Em Maingueneau (2008, p. 55), embora um novo interesse relativo ao ethos
discursivo tenha surgido depois das obras editadas por Ch. Perelman e de S.
Toulmin, em 1958, foi só nos anos 1980 que o ethos assumiu o primeiro plano.
Objetivamente, foi na França, em 1984 que se começou a explorar o ethos em
termos pragmáticos e discursivos. Para o autor ainda, foi em Ducrot (1984), que se
56
integrou o ethos a uma conceituação enunciativa, e mesmo no seu trabalho propõe
uma teoria dentro do quadro da análise do discurso em 1984 e 1987.
Essa noção de ethos, associada antes aos conceitos da retórica de
Aristóteles, atualmente esta noção está ligada à enunciação, pois considera o ethos
como sendo uma noção discursiva, que se constitui por meio do discurso
Maingueneau (1997, 1999, 2005). Segundo ele, “é preciso admitir que a
“encenação” não é uma máscara do real, mas uma de suas formas, estando o real
investido pelo discurso.” (1997, p. 34), sendo a tarefa do analista do discurso
recuperar os vestígios observáveis (MAINGUENEAU, 1996, p. 6), que ora são
deixados nos enunciados produzidos pelo enunciador em seu discurso.

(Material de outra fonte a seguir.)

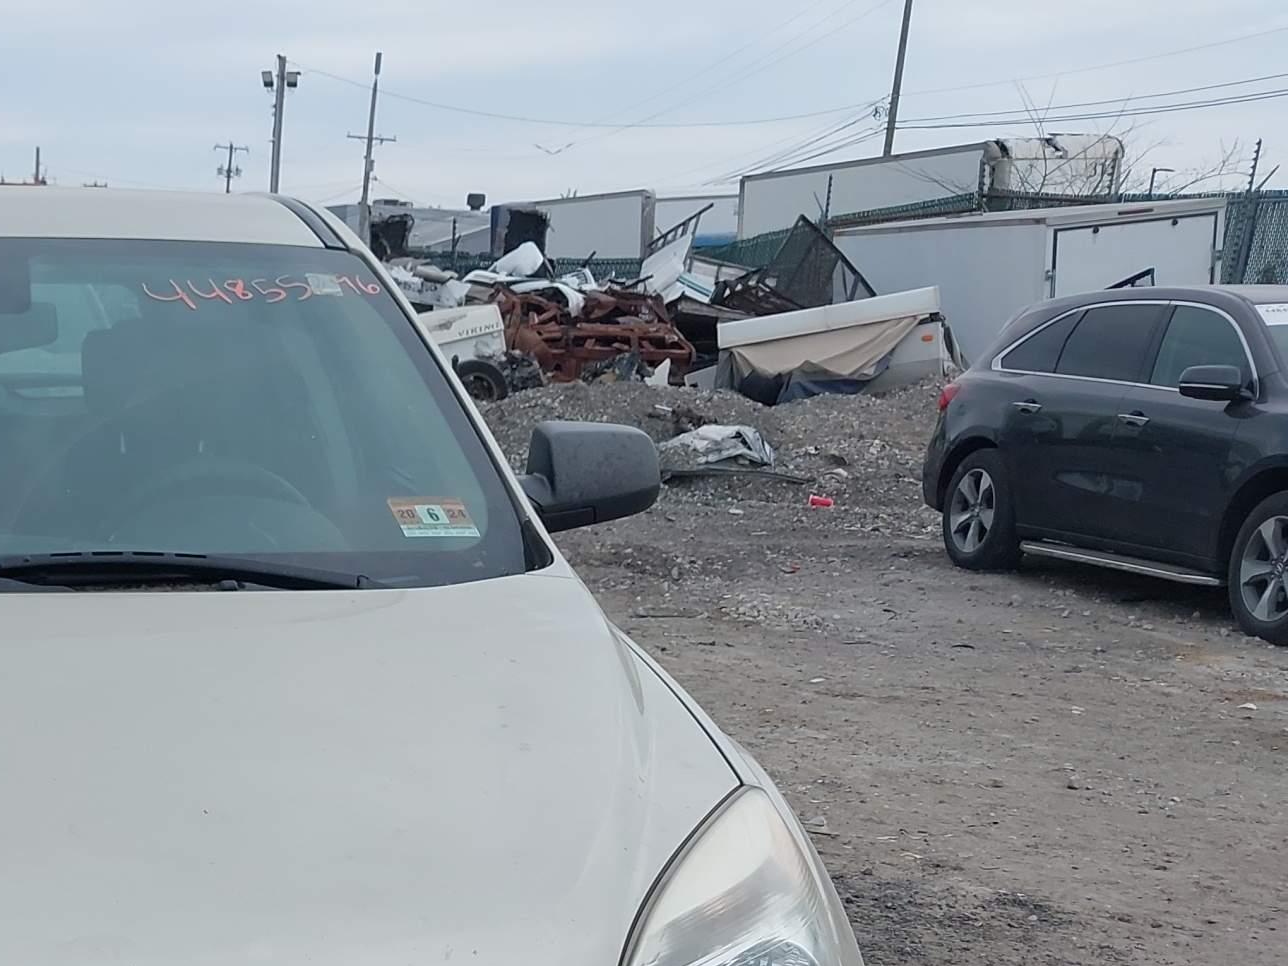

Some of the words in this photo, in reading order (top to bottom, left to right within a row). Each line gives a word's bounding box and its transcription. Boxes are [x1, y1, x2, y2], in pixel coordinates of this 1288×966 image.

[141, 273, 380, 310] 448556
[398, 509, 415, 519] 20
[427, 507, 440, 522] 6

Essa nova dimensão de se trabalhar o ethos evocando a perspectiva do
discurso no sentido da prática ordinária da fala remete à ideia de que ao falar um
locutor provoca no destinatário uma representação de si mesmo. Nesse sentido a
noção de ethos constitui uma dimensão de todo ato de enunciação. Desta forma,
como a palavra não está mais condicionada pelos mesmos dispositivos, considerada
na perspectiva da retórica antiga, como uma disciplina única, ela reverbera
atualmente em diferentes disciplinas teóricas e práticas, que têm interesses distintos
e captam o ethos sob facetas diversas, como no caso da sua abordagem no âmbito
da .
Vê-se que o ethos é distinto dos atributos “reais” do locutor. Embora seja
associado a ele, na medida em que é a fonte da enunciação, é do exterior que o
ethos caracteriza esse locutor. O destinatário atribui a um locutor inscrito no mundo
extradiscursivo traços que são em realidade intradiscursivos, já que são associados
a uma forma de dizer. Mais exatamente, não se trata de traços estritamente
“intradiscursivos “porque (...), também intervêm, em sua elaboração, dados
exteriores à fala propriamente dita (mímicas, trajes...) (MAINGUENEAU, 2008, p.
59)”.
Assim, a noção de ethos constitui uma dimensão de todo ato de enunciação.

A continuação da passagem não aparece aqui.